A liberação ocorreu após uma vistoria conjunta envolvendo a própria Anvisa, o Centro de Vigilância Sanitária de São Paulo, o Grupo de Vigilância Sanitária de Campinas e a Vigilância Sanitária de Amparo. Como condição para reinício das atividades, a empresa apresentou um plano de correções que contempla 76 exigências relacionadas a melhorias nos processos de fabricação, rastreabilidade de produtos, controle de qualidade e monitoramento de riscos sanitários. Segundo a agência, com as adequações implementadas, a fábrica da Ypê passa a atender aos requisitos de segurança necessários para operar e oferecer produtos sem riscos à saúde pública.

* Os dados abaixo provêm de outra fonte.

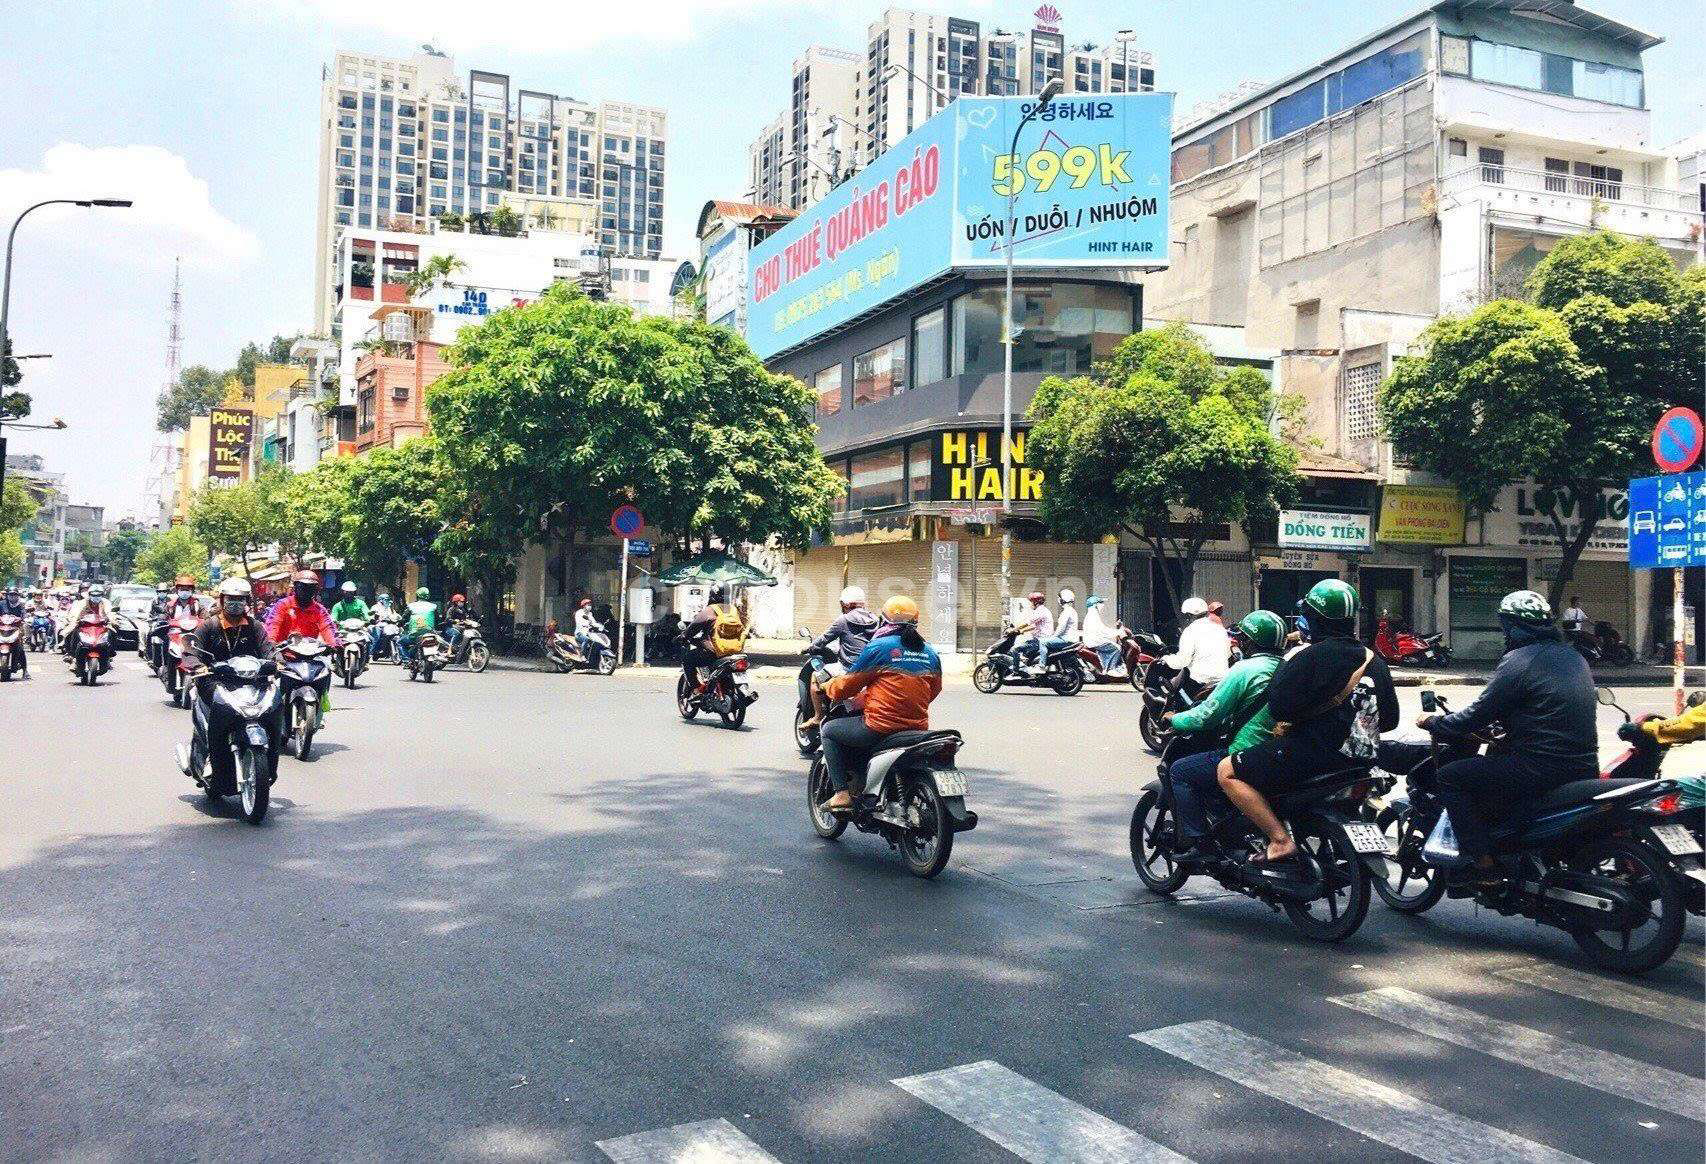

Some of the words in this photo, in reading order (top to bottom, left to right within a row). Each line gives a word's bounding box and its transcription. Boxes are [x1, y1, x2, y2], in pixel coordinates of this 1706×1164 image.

Produtos fabricados a partir de 1º de abril de 2026 poderão ser comercializados normalmente novamente. Entre esses itens estão líquidos para lavagem de roupas, detergentes para louça e desinfetantes produzidos após essa data. Entretanto, alguns produtos continuam proibidos de serem vendidos. A restrição permanece para todos os lotes de detergentes, sabões líquidos para roupas e desinfetantes com terminação em “1”, produzidos até 31 de março, que devem permanecer armazenados de forma segura, aguardando a apresentação de laudos laboratoriais autorizados pela Anvisa para sua liberação futura.

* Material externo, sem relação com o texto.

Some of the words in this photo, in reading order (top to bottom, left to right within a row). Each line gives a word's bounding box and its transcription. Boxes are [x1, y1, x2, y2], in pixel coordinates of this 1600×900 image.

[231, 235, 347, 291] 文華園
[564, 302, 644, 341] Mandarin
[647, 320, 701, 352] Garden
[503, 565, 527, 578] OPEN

A crise enfrentada pela fábrica começou em 7 de maio, quando a Anvisa suspendeu mais de 100 lotes de produtos da marca por causas relacionadas a falhas graves nos processos de fabricação. Na ocasião, foi constatado o risco de contaminação microbiológica, incluindo a presença da bactéria Pseudomonas aeruginosa, que foi identificada anteriormente em produtos da mesma linha, em novembro de 2025. Como uma bactéria comum no ambiente, ela geralmente não representa perigo aos indivíduos saudáveis, contudo, pode causar infecções graves em pessoas imunocomprometidas, como idosos ou pacientes em tratamento médico.
Apesar da autorização de retomada, a Anvisa continuará monitorando as atividades da empresa para assegurar o cumprimento das medidas corretivas adotadas. A agência reforçou que os produtos ainda suspensos só poderão retornar ao mercado após a apresentação de novos laudos laboratoriais autorizados.